It goes back in history, following the firming up of alphabets from the Phoenicians and Mesopotamians to the Greeks and Romans. It explores decoration and fonts. But it is more of a survey than anything transforming. It is a collection of facts and anecdotes that does not build. That’s unfortunate, because the book begins with a story de Looze experienced with a Japanese student, who didn’t recognize a possible letter D in a photo of a water wheel – because she was Japanese. Her worldview was different. I was hoping there would be all kinds of insight into how different societies’ views are shaped by their alphabets. How they are different from us, because of their alphabets. De Looze cites Levi-Strauss a lot, but apparently was not inspired by him.

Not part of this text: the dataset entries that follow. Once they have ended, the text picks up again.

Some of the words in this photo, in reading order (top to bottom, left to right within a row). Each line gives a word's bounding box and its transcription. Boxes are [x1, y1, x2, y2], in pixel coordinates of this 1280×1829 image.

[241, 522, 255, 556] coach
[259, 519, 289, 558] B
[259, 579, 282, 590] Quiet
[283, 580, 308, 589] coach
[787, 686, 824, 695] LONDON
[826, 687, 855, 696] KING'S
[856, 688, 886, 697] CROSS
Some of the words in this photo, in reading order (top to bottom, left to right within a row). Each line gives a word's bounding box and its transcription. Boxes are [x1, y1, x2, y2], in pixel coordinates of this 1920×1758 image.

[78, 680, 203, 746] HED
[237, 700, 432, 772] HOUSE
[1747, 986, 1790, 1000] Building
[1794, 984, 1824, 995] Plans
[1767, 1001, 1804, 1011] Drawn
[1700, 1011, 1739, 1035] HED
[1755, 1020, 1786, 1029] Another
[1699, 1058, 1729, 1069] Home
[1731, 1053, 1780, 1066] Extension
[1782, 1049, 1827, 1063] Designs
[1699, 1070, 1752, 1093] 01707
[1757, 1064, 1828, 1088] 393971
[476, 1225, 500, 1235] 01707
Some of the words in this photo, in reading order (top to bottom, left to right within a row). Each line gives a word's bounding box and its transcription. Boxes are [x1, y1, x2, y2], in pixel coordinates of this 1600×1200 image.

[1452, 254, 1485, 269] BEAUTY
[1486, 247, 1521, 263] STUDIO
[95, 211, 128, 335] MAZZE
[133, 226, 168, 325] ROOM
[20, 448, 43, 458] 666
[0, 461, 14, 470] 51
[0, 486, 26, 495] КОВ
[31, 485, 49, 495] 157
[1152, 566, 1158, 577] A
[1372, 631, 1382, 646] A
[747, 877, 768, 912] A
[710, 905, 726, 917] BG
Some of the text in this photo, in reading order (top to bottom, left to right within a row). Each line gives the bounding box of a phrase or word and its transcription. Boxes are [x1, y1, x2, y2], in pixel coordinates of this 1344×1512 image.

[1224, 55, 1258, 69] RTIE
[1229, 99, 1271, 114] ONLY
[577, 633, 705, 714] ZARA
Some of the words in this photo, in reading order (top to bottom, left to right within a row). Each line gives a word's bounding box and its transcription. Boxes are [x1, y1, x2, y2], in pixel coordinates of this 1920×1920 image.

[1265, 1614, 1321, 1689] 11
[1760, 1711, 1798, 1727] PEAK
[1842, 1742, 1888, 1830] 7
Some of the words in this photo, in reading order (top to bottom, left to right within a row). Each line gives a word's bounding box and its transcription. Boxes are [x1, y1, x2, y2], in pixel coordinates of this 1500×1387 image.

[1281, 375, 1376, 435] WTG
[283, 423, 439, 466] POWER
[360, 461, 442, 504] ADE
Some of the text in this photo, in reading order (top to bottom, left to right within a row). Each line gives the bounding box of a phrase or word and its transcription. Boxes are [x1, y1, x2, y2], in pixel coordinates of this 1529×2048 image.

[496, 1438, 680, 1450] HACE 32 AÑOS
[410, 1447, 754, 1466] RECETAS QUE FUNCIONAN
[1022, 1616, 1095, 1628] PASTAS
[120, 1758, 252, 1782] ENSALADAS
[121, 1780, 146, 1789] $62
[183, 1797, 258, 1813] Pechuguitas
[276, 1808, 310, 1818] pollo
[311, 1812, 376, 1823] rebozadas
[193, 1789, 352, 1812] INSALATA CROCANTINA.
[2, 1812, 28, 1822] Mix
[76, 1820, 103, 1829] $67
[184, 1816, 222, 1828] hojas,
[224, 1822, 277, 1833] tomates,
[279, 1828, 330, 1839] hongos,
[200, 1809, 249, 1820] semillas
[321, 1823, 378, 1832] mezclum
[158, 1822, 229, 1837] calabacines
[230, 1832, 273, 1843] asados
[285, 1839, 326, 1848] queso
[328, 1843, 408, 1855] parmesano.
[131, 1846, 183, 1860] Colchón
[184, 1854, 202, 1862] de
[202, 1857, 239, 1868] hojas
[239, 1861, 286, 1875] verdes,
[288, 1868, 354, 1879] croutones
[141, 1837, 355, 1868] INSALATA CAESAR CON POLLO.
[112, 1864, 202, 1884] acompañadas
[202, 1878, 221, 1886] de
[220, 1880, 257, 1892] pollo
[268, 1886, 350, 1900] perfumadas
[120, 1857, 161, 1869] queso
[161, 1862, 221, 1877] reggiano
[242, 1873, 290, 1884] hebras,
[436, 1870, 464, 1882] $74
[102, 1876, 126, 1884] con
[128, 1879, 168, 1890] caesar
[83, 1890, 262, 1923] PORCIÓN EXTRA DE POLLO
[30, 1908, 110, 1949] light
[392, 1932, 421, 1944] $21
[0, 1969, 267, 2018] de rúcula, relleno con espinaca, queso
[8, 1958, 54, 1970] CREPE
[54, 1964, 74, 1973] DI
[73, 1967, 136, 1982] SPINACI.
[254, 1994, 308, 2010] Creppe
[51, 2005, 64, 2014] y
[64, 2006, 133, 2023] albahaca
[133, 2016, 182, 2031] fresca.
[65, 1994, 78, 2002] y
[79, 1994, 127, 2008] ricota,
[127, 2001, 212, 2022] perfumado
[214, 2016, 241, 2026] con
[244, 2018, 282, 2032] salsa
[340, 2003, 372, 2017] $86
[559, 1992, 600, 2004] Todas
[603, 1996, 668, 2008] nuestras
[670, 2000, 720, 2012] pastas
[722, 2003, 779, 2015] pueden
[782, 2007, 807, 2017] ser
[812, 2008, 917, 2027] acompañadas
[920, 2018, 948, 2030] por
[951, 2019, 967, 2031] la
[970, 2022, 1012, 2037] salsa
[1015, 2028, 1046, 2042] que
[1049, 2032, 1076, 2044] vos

As we get to the 20th century, the book turns to linguistics and the arguments over the significance of sounds and phonemes. Sounds are represented in the same alphabet differently of course, and it has long been controversial if not pointless to draw world-shaking conclusions from spelling. There is a lot on rationalizing French spelling, and a lot on Oulipo, a largely French artistic movement that tortured words for fun and art. Examples are paragraphs that do not contain the letter e, or paragraphs whose only vowel is e. Letter suppression turns out to be a game about as old as alphabets.

Sadly, there is no followup to the introduction, where the Japanese student didn’t automatically recognize the D. Occasionally there is a glimpse of such disconnects, as when the Aztecs were astounded that scratchings on paper allowed the Spanish Conquistadors to communicate over vast distances. Those disconnects are the potential The Letter and the Cosmos does not explore. The cosmos of the title is an ancient Greek word for basic unit, as in letter, not the whole universe.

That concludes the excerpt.